Without including any pictures, write out all the entries exactly.

(Spatial localization data)
- Opening Delimiter -
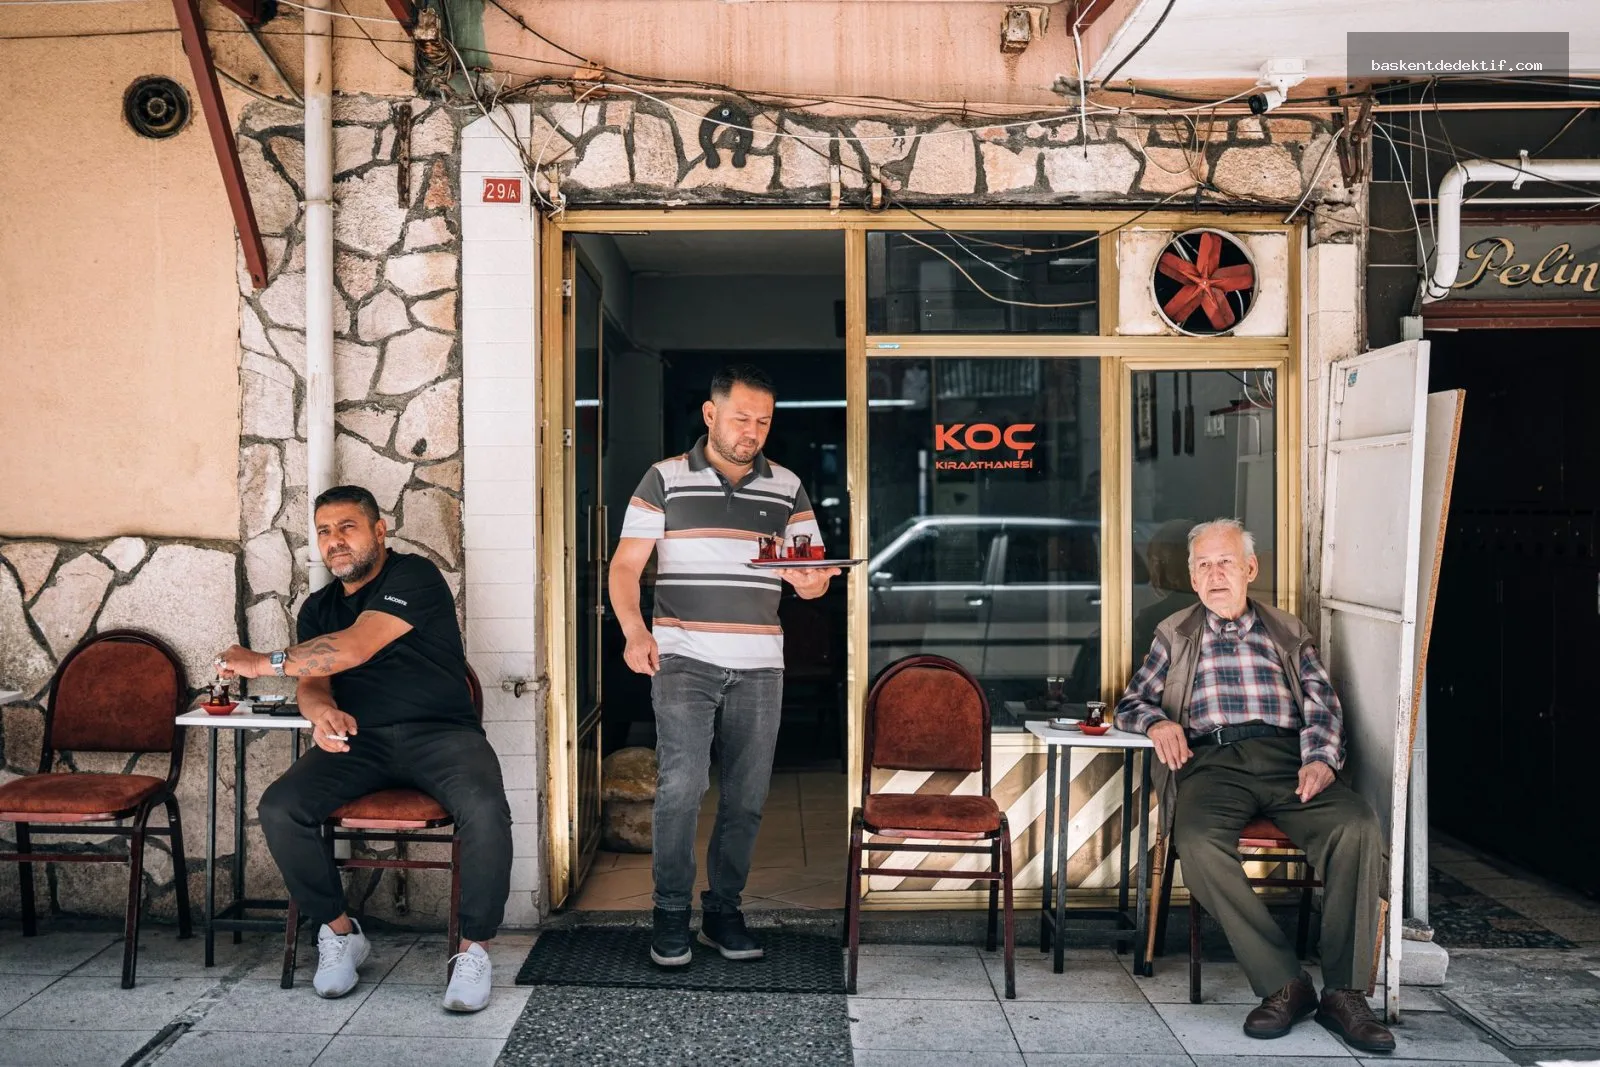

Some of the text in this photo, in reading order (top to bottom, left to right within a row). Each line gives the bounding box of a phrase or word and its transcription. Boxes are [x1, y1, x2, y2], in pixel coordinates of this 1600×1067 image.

[486, 183, 517, 199] 29/A
[1452, 236, 1600, 292] Pelin
[935, 423, 1036, 460] KOÇ
[935, 458, 1033, 470] KIRAATHANESİ
[384, 595, 408, 606] LACOSTE
- Closing Delimiter -
• [WRITTEN ANSWER]:
Some of the text in this photo, in reading order (top to bottom, left to right within a row). Each line gives the bounding box of a phrase or word and its transcription. Boxes are [x1, y1, x2, y2], in pixel coordinates of this 1600×1067 image.

[486, 183, 517, 199] 29/A
[1452, 236, 1600, 292] Pelin
[935, 423, 1036, 460] KOÇ
[935, 458, 1033, 470] KIRAATHANESİ
[384, 595, 408, 606] LACOSTE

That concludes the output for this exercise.